The overall results from the test dataset without oversampling was fairly better than the results from the
test dataset that was derived from the training with oversampling. The results are shown in Table 3: G
Logistic Regression, PCA Test Without Oversampling Accuracy Metrics and Table 4: H Logistic
Regression, PCA Test Without Oversampling Confusion Matrix with Misclassification Cost.

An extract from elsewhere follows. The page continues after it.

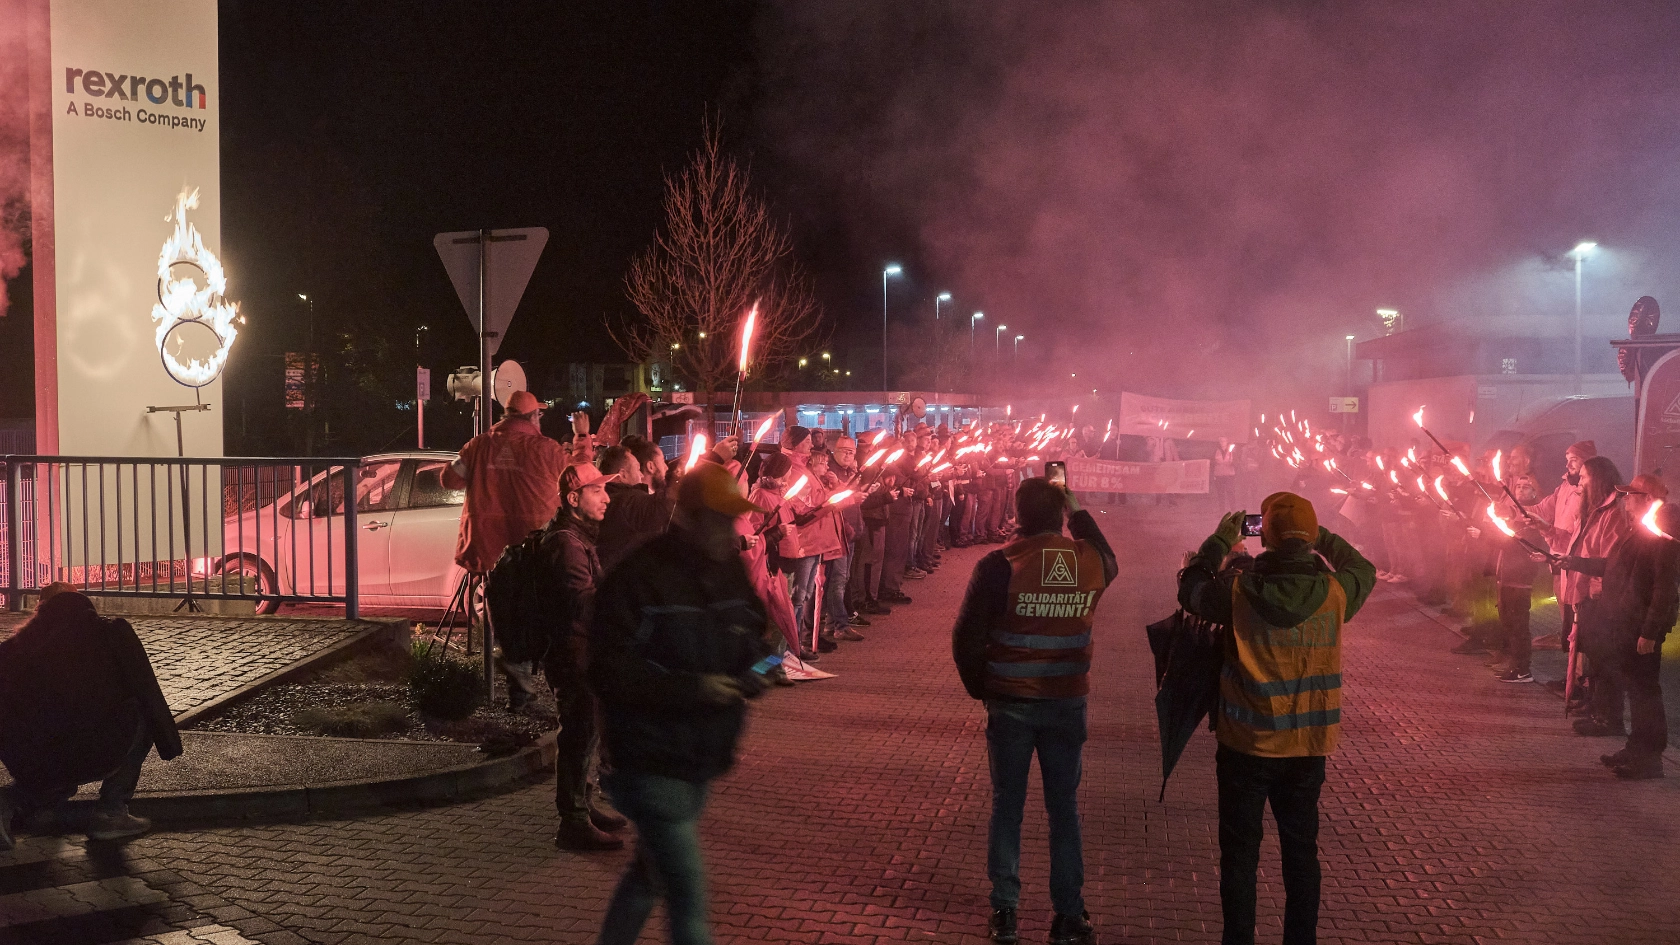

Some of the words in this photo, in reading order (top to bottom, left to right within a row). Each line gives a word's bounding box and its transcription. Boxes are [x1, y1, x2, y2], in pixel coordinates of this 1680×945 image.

Results from Stepwise Logistic Regression Using R
As stated above, choosing only meaningful independent variables is also essential for a logistic
regression, hence the reason for implementing the step-wise approach. The step-wise logistic
regression approach builds its model by adding variables one by one (forward-selection) or by
removing variables one by one (backward-stepwise) in an attempt to identify and keep only those
variables that produce the best results. This method however, does not address the issue of
multicollinearity. The stepwise approach has a serious problem with multicollinearity because it will
tends to choose the predictors that best match the data sample. It will favor variables that have a high-
magnitude coefficients but not necessarily for the underlying population. Say that you have 2 correlated
predictors if both contribute equally to fitting your data sample there's a chance that you will miss both
in your model if they individually are "less significant" than other non-correlated predictors (which
happened to have high coefficient magnitudes for the sample) and thus were left out of your stepwise
selection.
This approach identified the variables in Table 5: Logistic Regression Stepwise Coefficients as the
predictors that best match the data sample. Those are some of the variables that have a high correlation
with the dependent variable; however, the correlations mentioned above show that those variables have
a significant correlation among themselves as well as with other independent variables. Those
correlations show that other variables such as father’s education and mother’ job also had a high
correlation with the dependent variable; however, the stepwise approach didn’t include them in the
model. The variables chosen as the best predictors for data sample were Family Size, Age, Internet,
Family Support, Paid, Mother’s Education, Study time, and Higher. The collinearity among those
variables caused the model to fail in identifying some of their significance. Looking at Table 5:
Logistic Regression Stepwise Coefficients we can see that although mother’s education is a highly
13
significant variable it is not identified as such. The reason is because mother’s education is probably
equally fitting to the model as other independent variables such as ‘paid’ and ‘higher’. We can also
assume this based on domain knowledge, which is supported by researches done on ‘effects of First
Generation Students’. Furthermore, the correlations also show that there is a high correlation among
those variables themselves as well as with others that are not included in the model.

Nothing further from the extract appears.